## [EXERCISE DESCRIPTION]
Your copy of the data should leave out the images and match everything else exactly.

## [DATA LISTING]
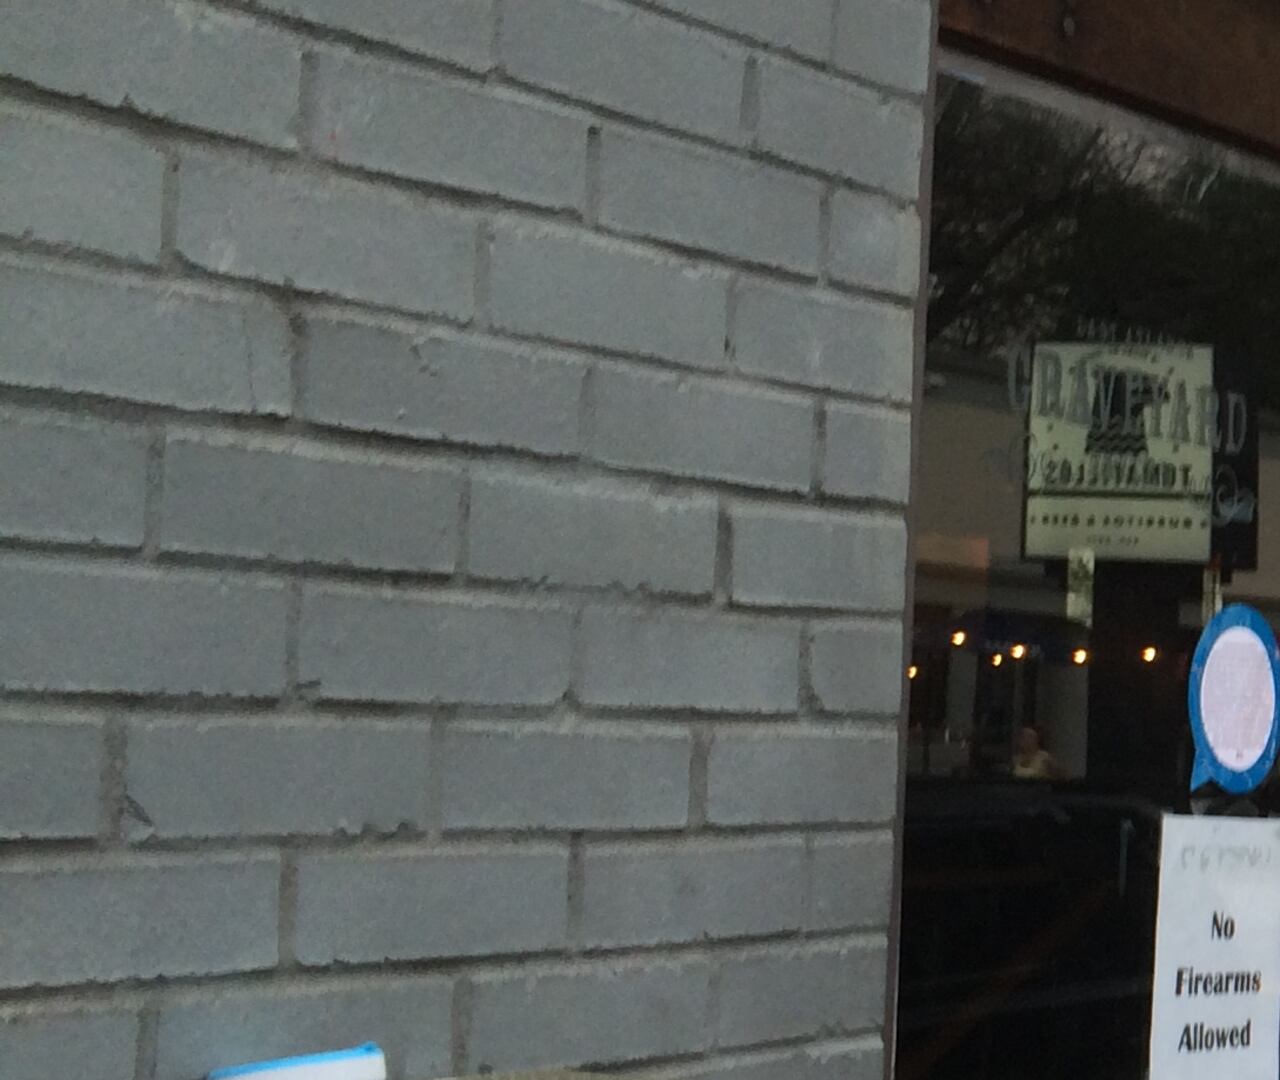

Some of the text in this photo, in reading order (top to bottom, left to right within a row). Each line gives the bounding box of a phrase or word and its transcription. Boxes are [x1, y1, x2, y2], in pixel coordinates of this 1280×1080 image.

[1007, 345, 1248, 456] GRAVEYARD
[1211, 910, 1235, 940] No
[1175, 967, 1262, 997] Firearms
[1178, 1020, 1251, 1053] Allowed

## [RESPONSE BELOW]
Some of the text in this photo, in reading order (top to bottom, left to right within a row). Each line gives the bounding box of a phrase or word and its transcription. Boxes are [x1, y1, x2, y2], in pixel coordinates of this 1280×1080 image.

[1007, 345, 1248, 456] GRAVEYARD
[1211, 910, 1235, 940] No
[1175, 967, 1262, 997] Firearms
[1178, 1020, 1251, 1053] Allowed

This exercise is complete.